Figure 1 is an exploded perspective view of an image display element used in an image display device, Figure 2 is an enlarged plan view of a screen, Figure 3 is an exploded perspective view of an electrode, Figure 4 is a sectional view of a conventional electrode, and Figure 4 is a cross-sectional view of a conventional electrode. FIG. 5 is a cross-sectional view of a conventional electrode unit bonded state, FIG. 6 is a cross-sectional view of a conventional electrode unit bonded state, FIG. 7 is a perspective view of a metalized bonding spacer according to an embodiment of the present invention, and FIG. 8 is a cross-sectional view of a conventional electrode unit bonded state.
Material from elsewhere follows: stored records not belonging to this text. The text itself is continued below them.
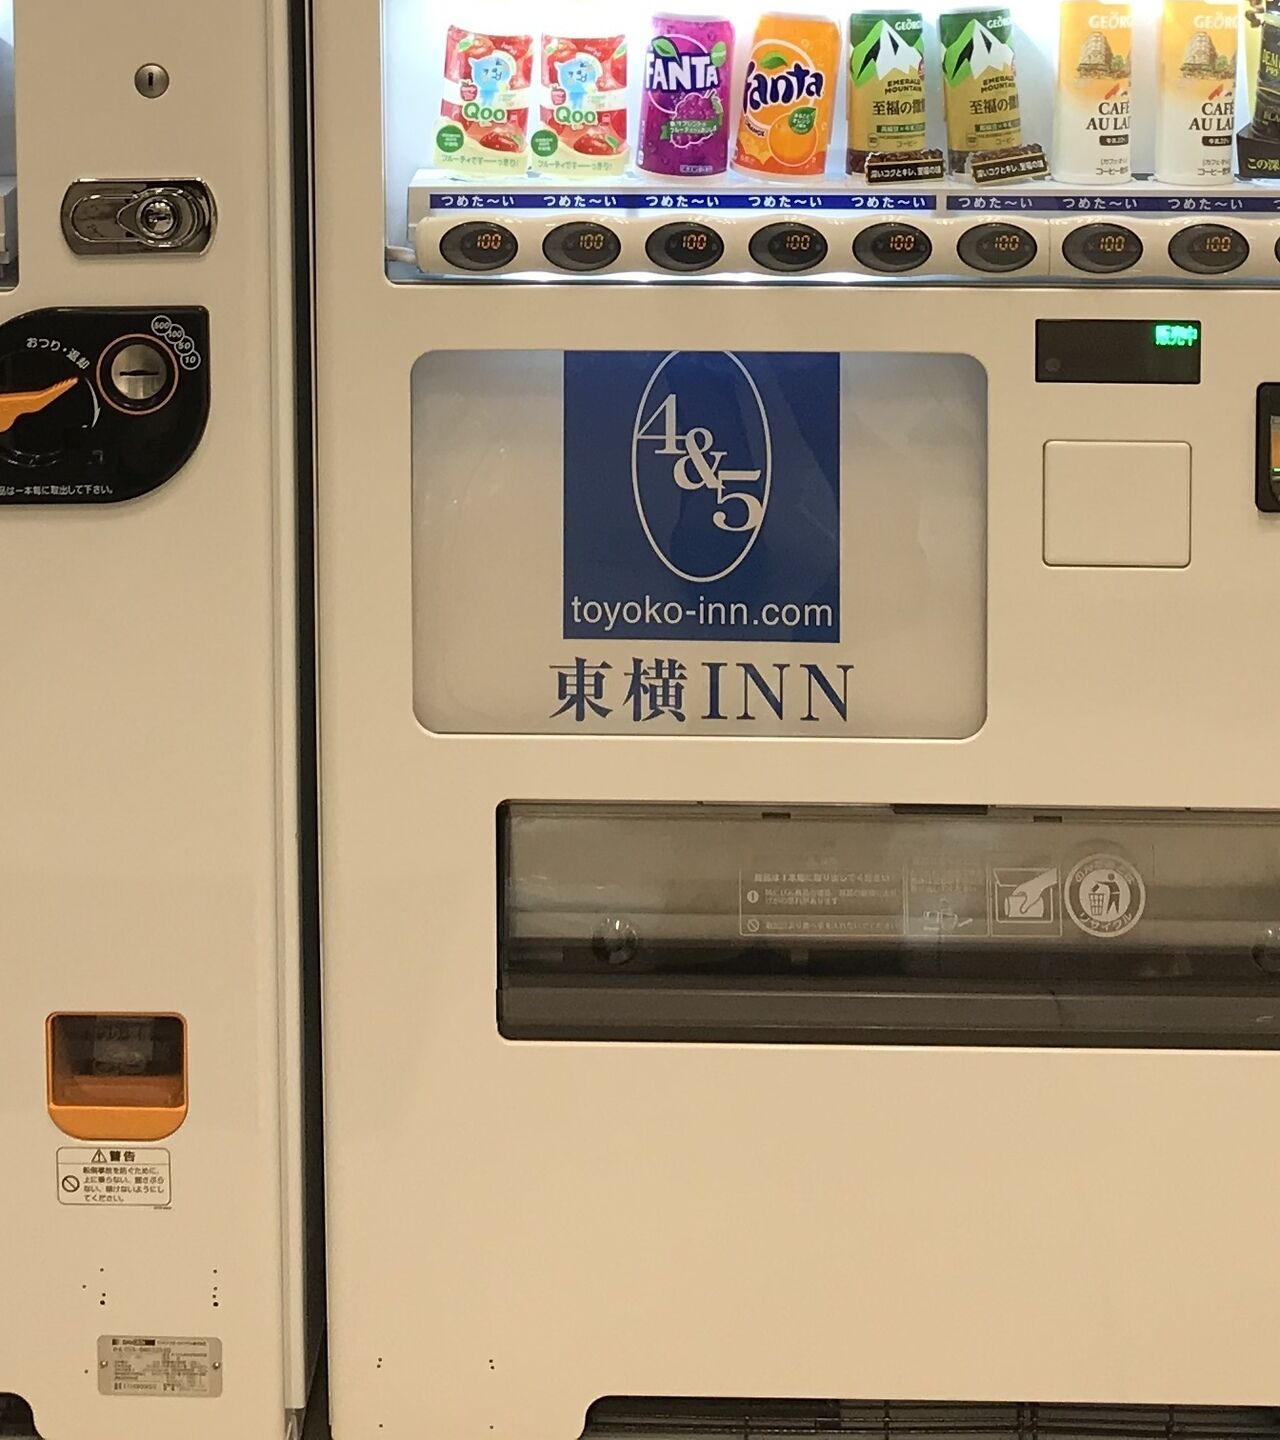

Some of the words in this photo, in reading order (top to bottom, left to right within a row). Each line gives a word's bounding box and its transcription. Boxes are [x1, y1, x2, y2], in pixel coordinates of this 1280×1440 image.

[645, 52, 719, 90] FANTA
[744, 61, 825, 114] Fanta
[462, 102, 506, 122] Qoo
[555, 106, 597, 125] Qoo
[476, 233, 502, 250] 100
[888, 234, 915, 251] 100
[1098, 234, 1126, 251] 100
[26, 336, 90, 370] おつり・返却
[636, 393, 765, 532] 4&5
[570, 594, 834, 632] toyoko-inn.com
[548, 656, 856, 724] 東横INN
[109, 1150, 136, 1162] 警告
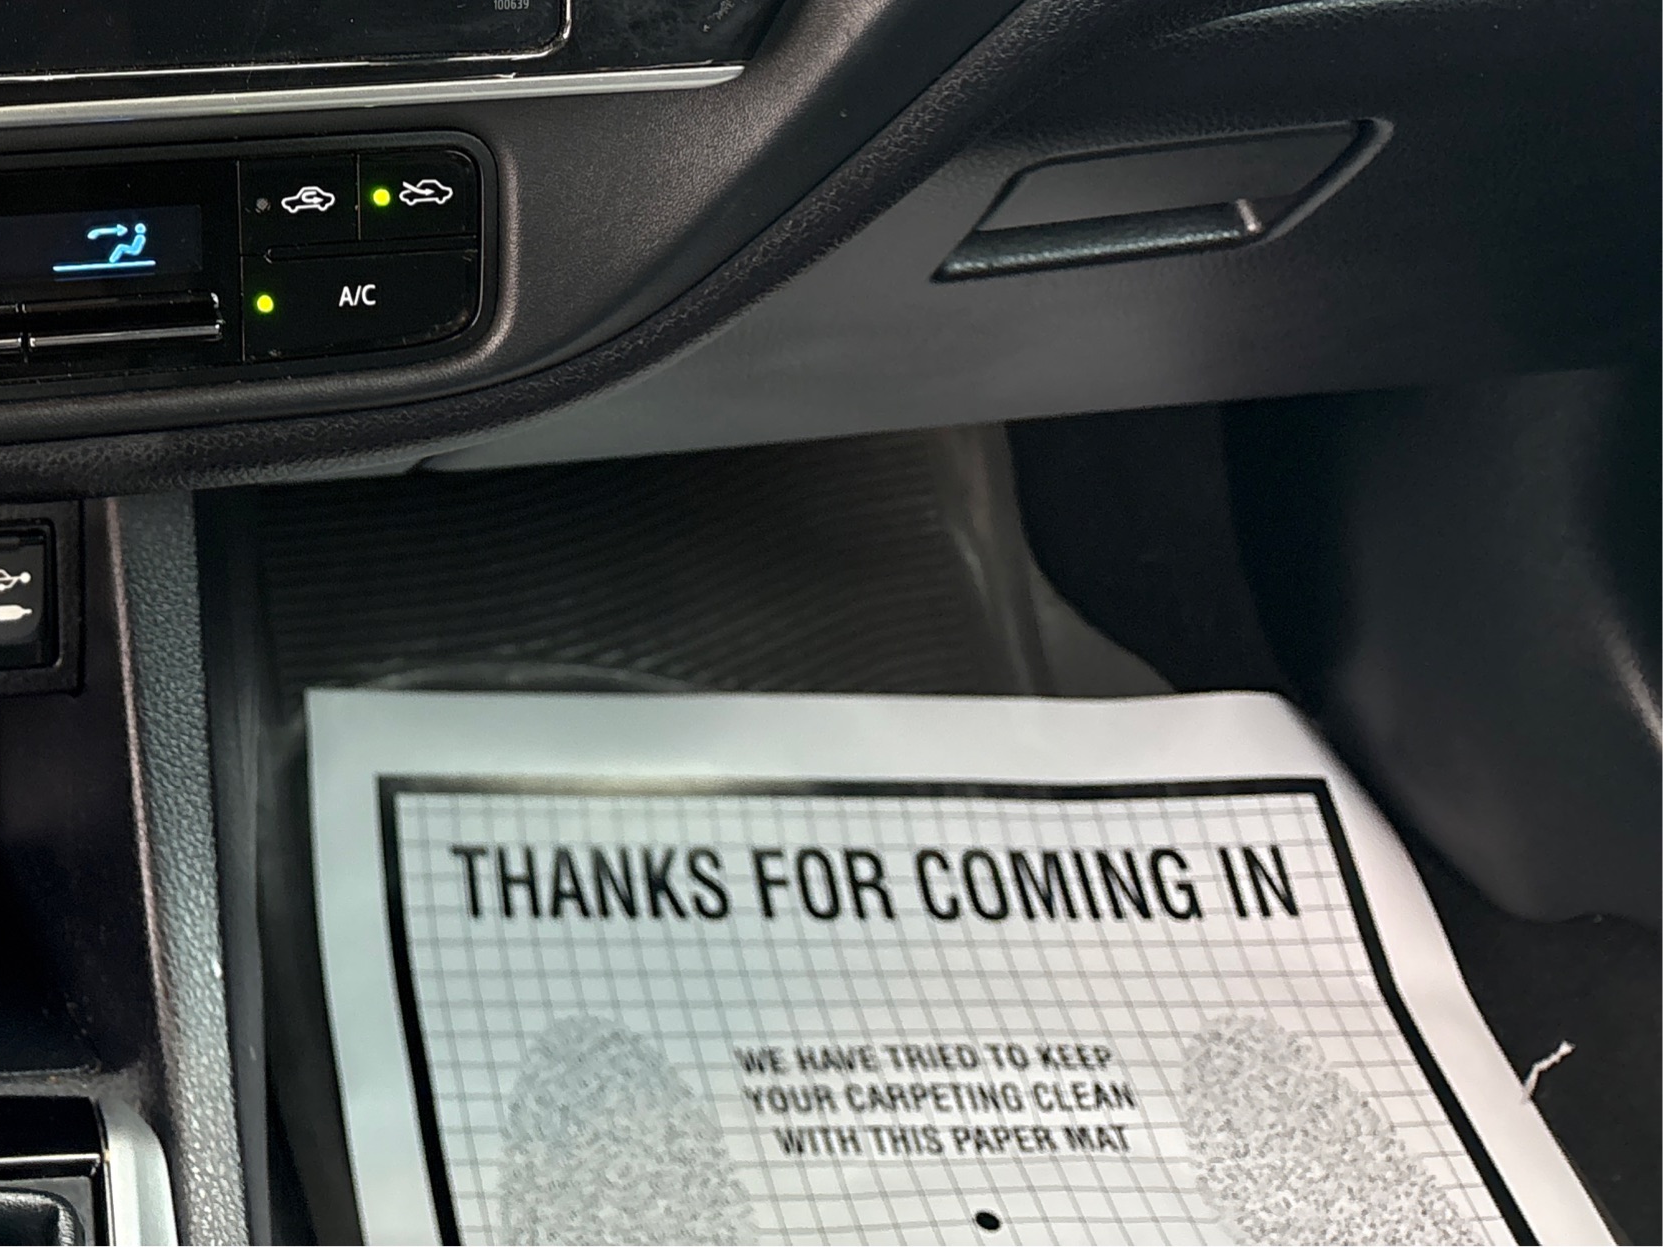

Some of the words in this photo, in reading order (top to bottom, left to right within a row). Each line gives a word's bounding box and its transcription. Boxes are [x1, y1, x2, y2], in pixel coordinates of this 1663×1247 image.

FIG. 9 is an exploded perspective view showing a bonded state of the electrode unit in one embodiment of the invention, and FIG. 9 is a perspective view of a metalized coupling spacer in another embodiment. 1... Back electrode, 21... Screen, 9, 2
2...Glass container, 23...Coupling spacer, 3
0,42...Insulating material binding spacer, 43,46...
...Metalization.

Claims (1)

[Claims] 1. In a method for manufacturing an electrode unit in which an electrode and a spacer are bonded using a laser to form an electrode unit, the bonding surface of the spacer with the electrode is metallized, and then the electrode and the spacer are bonded using a laser. A method for manufacturing an electrode unit.